De vários clubes, havia sido expulso ou se havia demitido voluntariamente, porque os
companheiros suspeitavam-no ser peitado pelos adversários, para facilitar estes fazer pontos.
Ultimamente, era agente de jogo de bicho, e sua mulher viera gozar de mais algum conforto.
Pobre Ernestina! Era tão alegre, tão tagarela, era moça, e bonitinha, na sua fisionomia miúda e
na sua tez pardo-clara, um tanto baça, é verdade, mas não a ponto de enfeá-la, quando conheceu
Ataliba; e hoje? Estava escanzelada, cheia de filhos, a trair sofrimentos de toda a espécie, sempre mal
calçada, quando, nos tempos de solteira, o seu luxo eram os sapatos! Quem te viu e quem te vê!
Zezé Mateus era um verdadeiro imbecil. Não ligava duas idéias; não guardava coisa alguma
dos acontecimentos que assistia. A sua única mania era beber e dizer-se valente. Topava todos os
ofícios; capinava, vendia peixe e verdura, com cesto à cabeça; era servente de pedreiro, apanhava e
vendia passarinhos, como criança; e tinha outras habilidades desse jaez.

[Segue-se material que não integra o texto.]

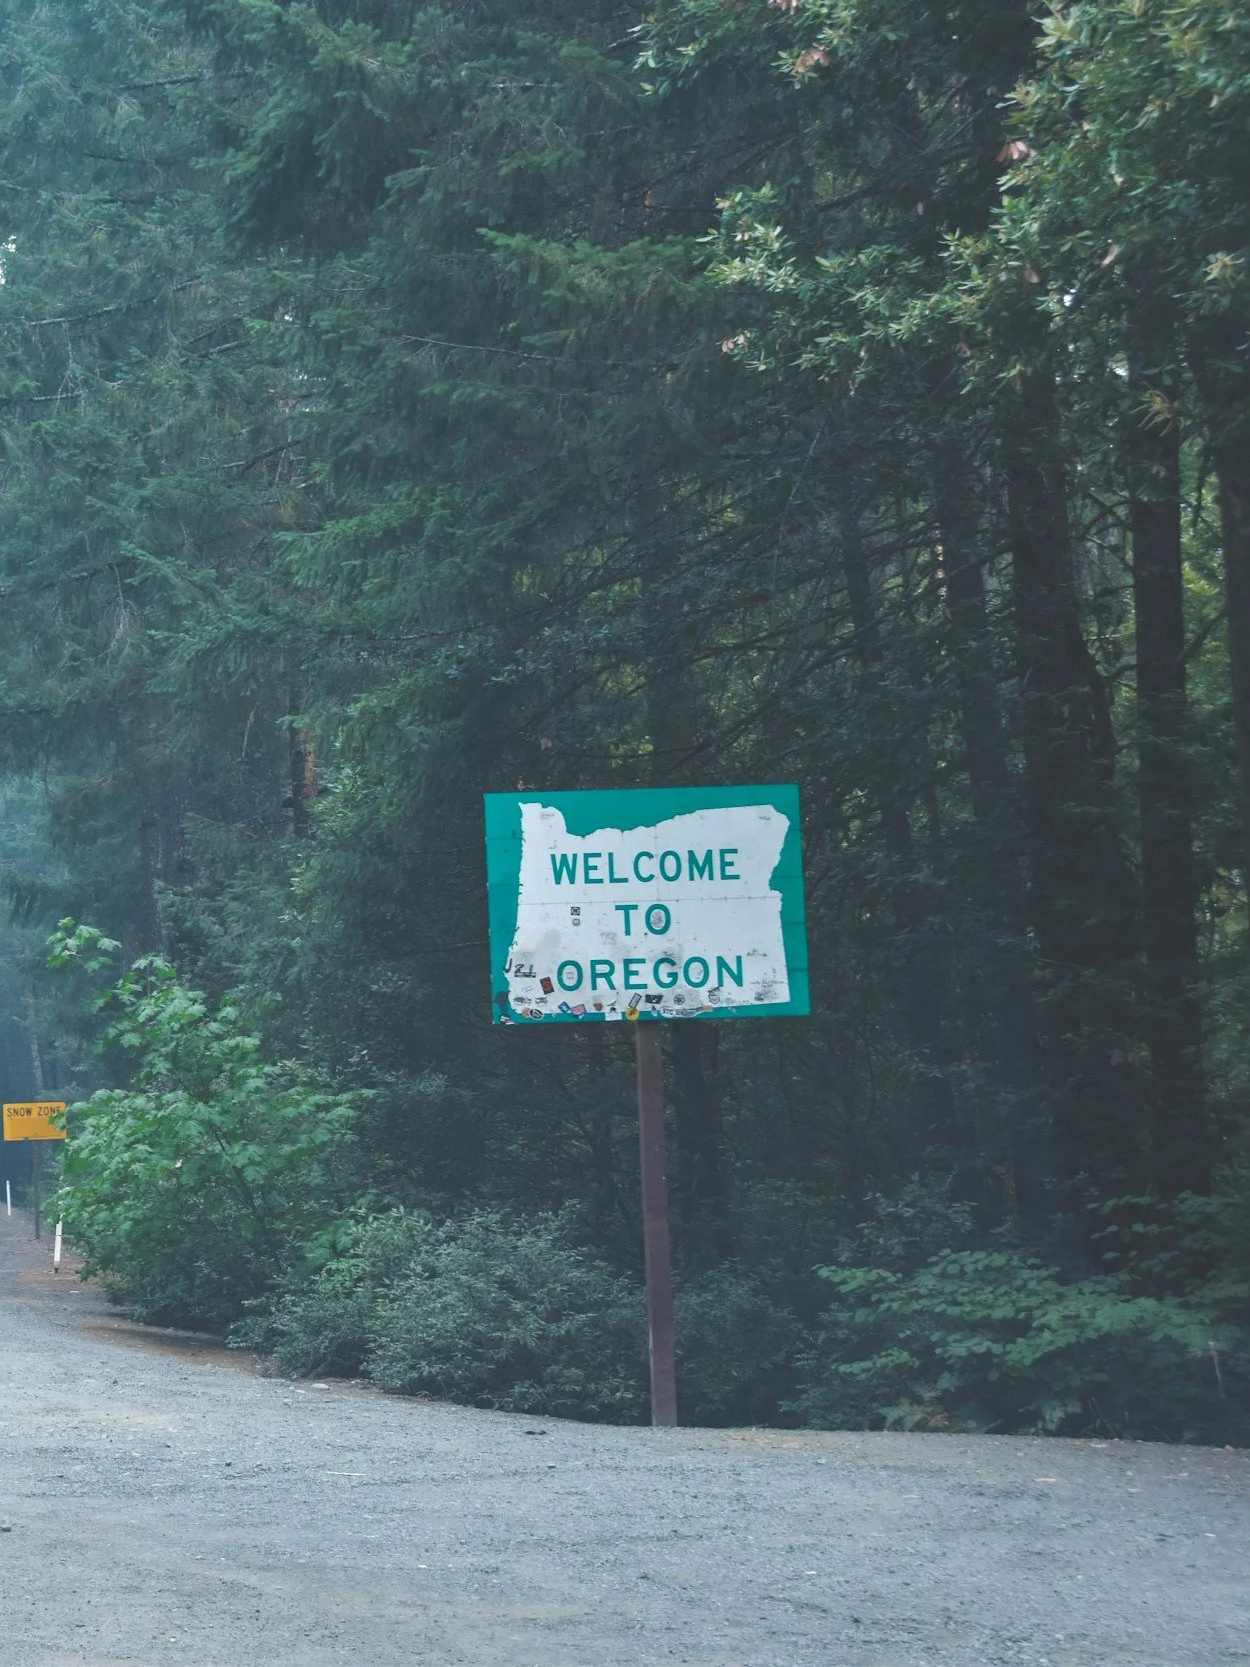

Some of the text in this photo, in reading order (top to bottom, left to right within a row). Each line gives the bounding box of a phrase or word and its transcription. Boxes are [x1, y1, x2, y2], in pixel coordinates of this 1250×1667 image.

[550, 848, 741, 885] WELCOME
[614, 903, 672, 936] TO
[556, 955, 744, 992] OREGON
[7, 1107, 33, 1117] SNOW

Era branco, com uma fisionomia empastada, cheia de rugas precoces, sem dentes, todo ele
mole, bambo. A sua testa era deprimida, e era longo e estreito o seu crânio, do feitio daqueles a que o
povo chama "cabeça de mamão-macho".
Totalmente inofensivo, quase inválido pela sua imbecilidade nativa e pela bebida, uma família
a quem ele prestava pequenos serviços — ir às compras, ao açougue, lavar a casa — dava-lhe um
barracão na chácara, onde dormia, e comida, se estivesse presente às refeições. Encontrava-se nessa
ruína humana o melhor da turma e o único que não tinha maldade no coração. Era um ex-homem e
mais nada.
O Franco Sousa, este, era um malandro mais apurado, que, uma vez ou outra, aderia ao grupo
de Cassi. Intitulava-se advogado e vivia de embrulhar os crédulos clientes que lhe caíam nas mãos.

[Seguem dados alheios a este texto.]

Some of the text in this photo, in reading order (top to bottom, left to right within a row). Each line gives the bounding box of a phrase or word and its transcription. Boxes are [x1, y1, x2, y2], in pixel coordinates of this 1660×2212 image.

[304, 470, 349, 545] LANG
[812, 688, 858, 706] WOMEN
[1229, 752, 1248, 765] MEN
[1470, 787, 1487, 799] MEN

Todos sabiam que ele não tratava de coisa alguma, pois não podia absolutamente tratar, já por não
saber coisa alguma das tricas forenses, já por não ser, de verdade, advogado. Assim mesmo, sempre
apareciam ingênuos roceiros, simplórias viúvas, que, no pressuposto de que os seus serviços, na
justiça, sobre a demarcação de terras litigiosas ou despejos de inquilinos relapsos, fossem mais
baratos, procuravam-no. Ele recebia os adiantamentos e, em seguida, mais algum dinheiro, conforme a
ingenuidade e a falta de experiência do cliente, e não fazia nada. Entretanto, vivia muito decentemente
com a mulher, filhos e filhas. Cassi não lhe pisava em casa, e, aos poucos, foi se afastando do violeiro,
a conselho da mulher, que zelava extremamente pela reputação das filhas, que se faziam moças.
O último dos asseclas do modinheiro era um tal Arnaldo, Arnaldo tout court. Nele, talvez,
houvesse tipo mais nojento do que mesmo em Cassi. A sua profissão consistia em furtar, no trem,
chapéus-de-sol, bengalas, embrulhos dos passageiros que estivessem a dormitar ou distraídos. De
tarde, ele fazia a especialidade dos embrulhos; e, à noite, às vezes, a altas horas, postava-se na beira da
plataforma de estação pouco freqüentada e, quando o trem tornava movimento e impulso, arrebatava
rapidamente os chapéus dos passageiros, através da portinhola, principalmente se de palha e novos.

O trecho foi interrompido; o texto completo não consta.